O cenário político e educacional paranaense amanheceu, nesta semana, sob o signo da memória. Onze anos após o fatídico episódio que ficou conhecido nacionalmente como o “Massacre do Centro Cívico”, em Curitiba, lideranças políticas e movimentos estudantis voltaram às redes sociais para reafirmar o compromisso com a educação pública e relembrar os impactos daquele 29 de abril na democracia estadual.
Em publicações recentes, figuras públicas reforçaram que a luta pela educação permanece como prioridade central de seus mandatos. O tom das mensagens alterna entre o lamento pelo uso da força policial na época e a exaltação da resiliência dos professores e servidores que, mesmo sob pressão, não recuaram em suas pautas por melhores condições de trabalho e previdência.

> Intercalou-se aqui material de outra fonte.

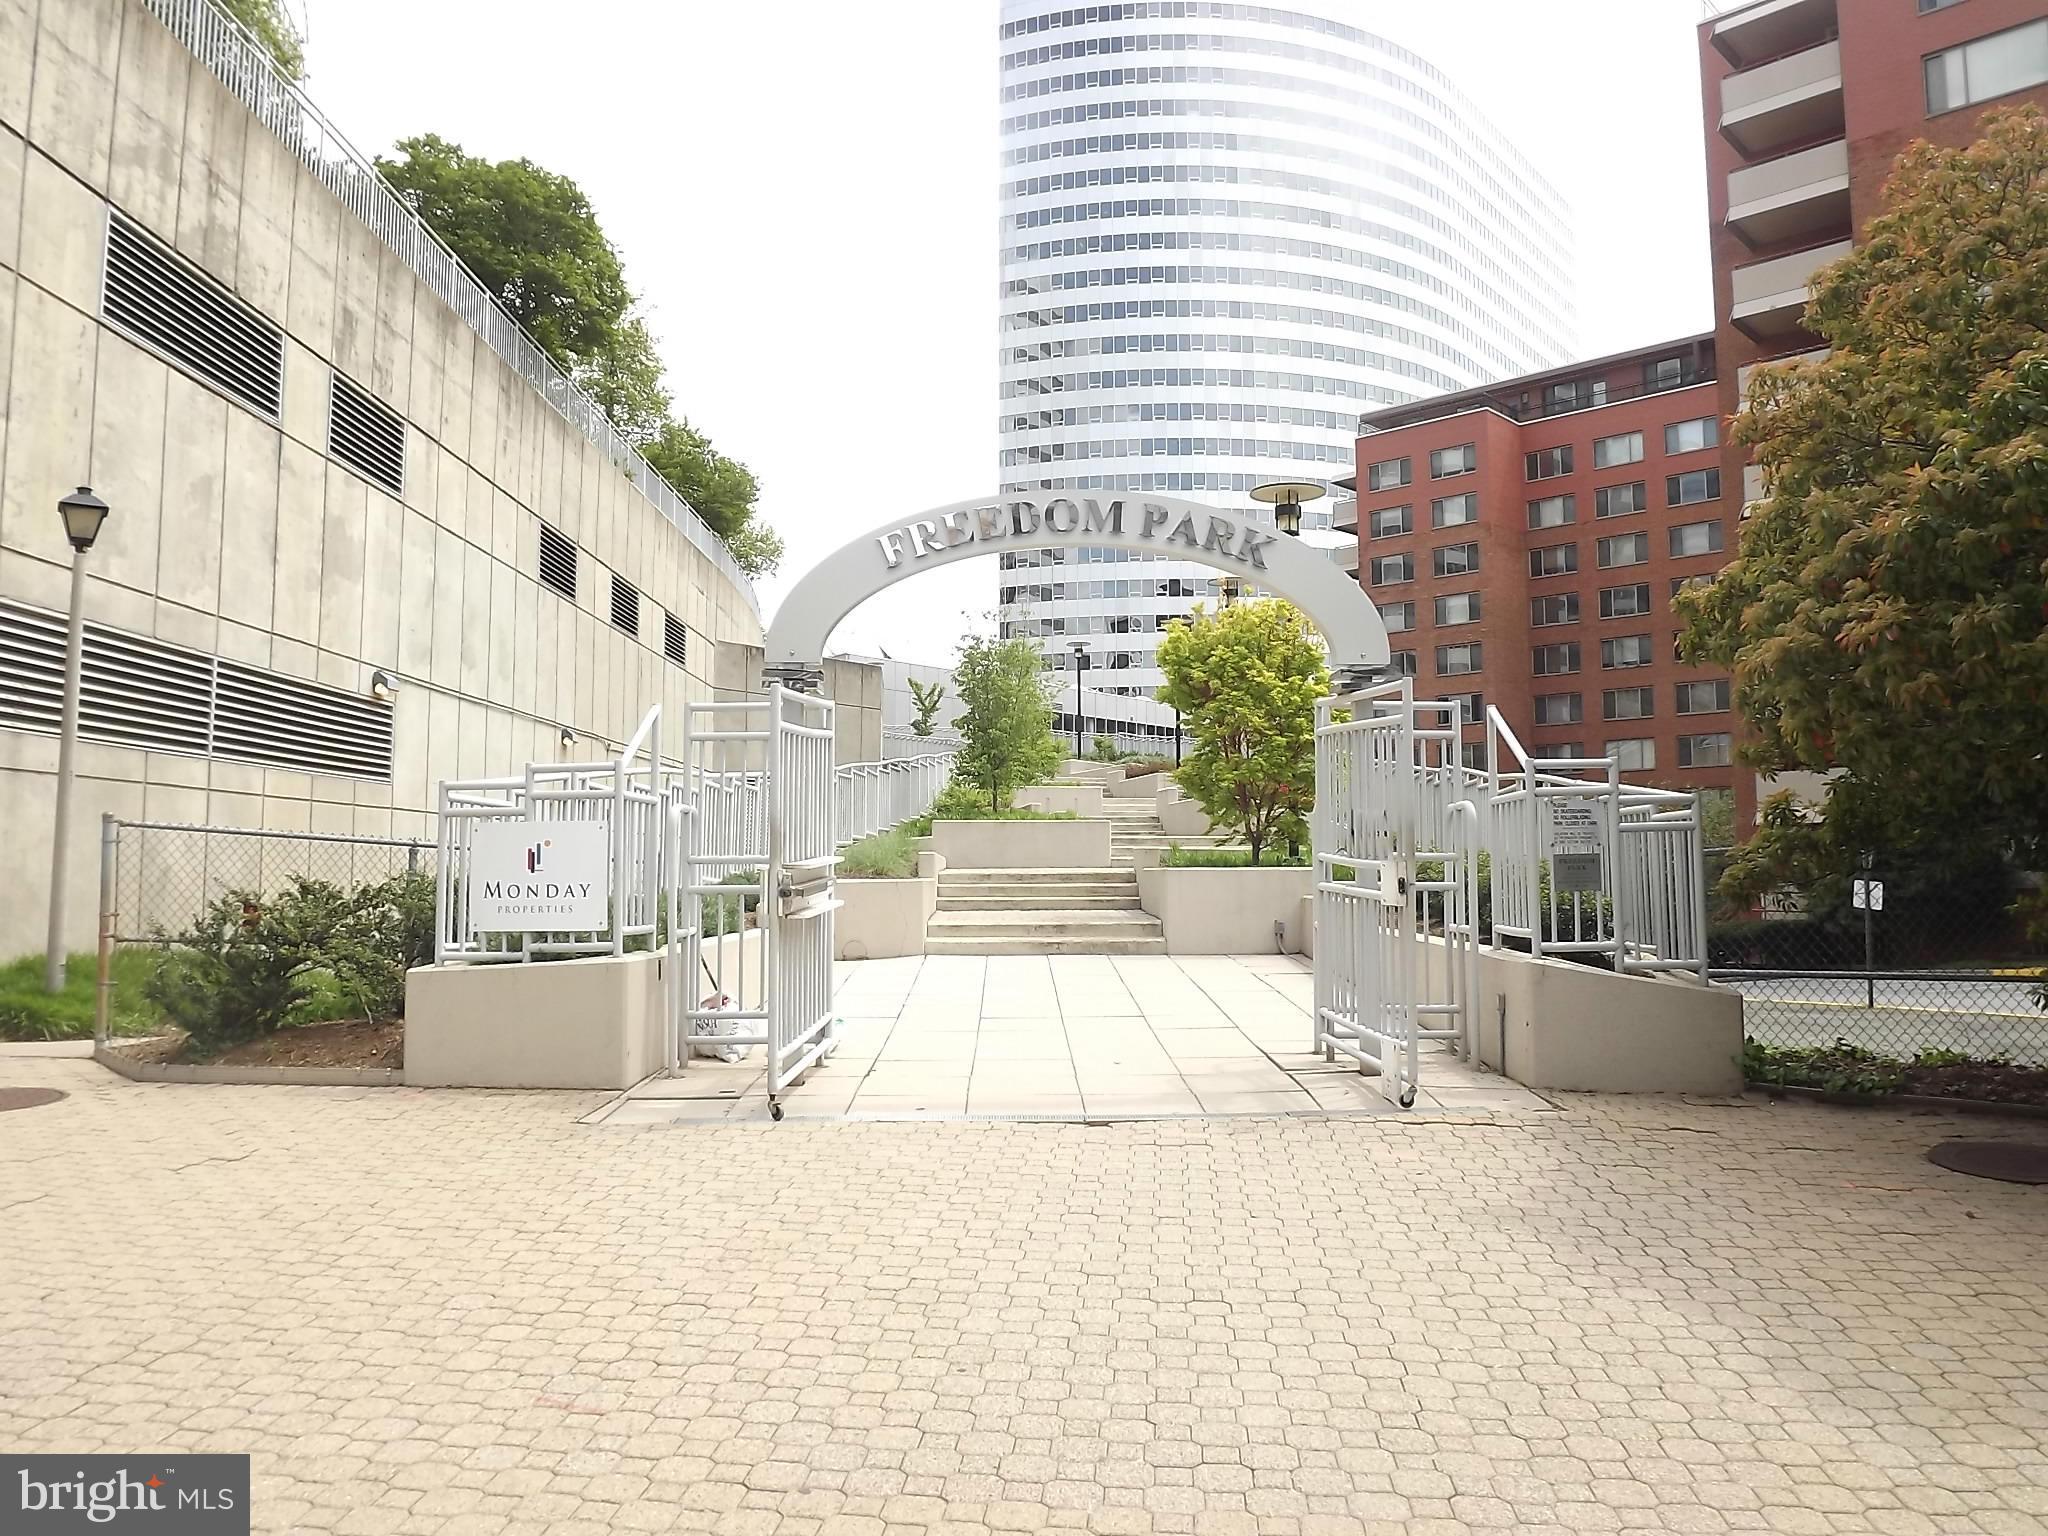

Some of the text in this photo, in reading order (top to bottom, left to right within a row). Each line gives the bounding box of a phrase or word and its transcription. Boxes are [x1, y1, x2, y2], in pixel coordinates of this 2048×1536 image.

[876, 498, 1279, 570] FREEDOM PARK
[484, 881, 592, 899] MONDAY
[497, 904, 574, 914] PROPERTIES

O contexto histórico e o legado
O conflito de 2015 não foi apenas um evento isolado, mas um divisor de águas na relação entre o Governo do Estado e os servidores públicos. Na ocasião, a votação de mudanças na Paranaprevidência resultou em um cerco policial que deixou centenas de feridos.
Hoje, mais de uma década depois, os reflexos desse evento são vistos em:
- Fortalecimento de Sindicatos: A APP-Sindicato e outros órgãos de classe utilizam a data como um marco de mobilização permanente.
- Debate Legislativo: Projetos de lei que envolvem a gestão de escolas e recursos previdenciários agora passam por um escrutínio muito mais severo da opinião pública.
- Educação e Democracia: A narrativa atual foca em conectar a qualidade do ensino básico à saúde democrática das instituições, evitando que o diálogo seja substituído pela força.
O cenário atual da educação no Paraná
Embora o estado ostente atualmente índices de destaque no IDEB (Índice de Desenvolvimento da Educação Básica), a relação com o professorado continua sendo um campo de intensas negociações. As pautas de 2026 focam na digitalização do ensino, na gestão de escolas parceiras e na valorização salarial, mostrando que, embora o fantasma de 2015 ainda ecoe, os desafios se modernizaram.
“Relembrar esse episódio lamentável reforça ainda mais a importância de seguirmos firmes na defesa da educação e da democracia”, afirmam lideranças em coro nas redes sociais.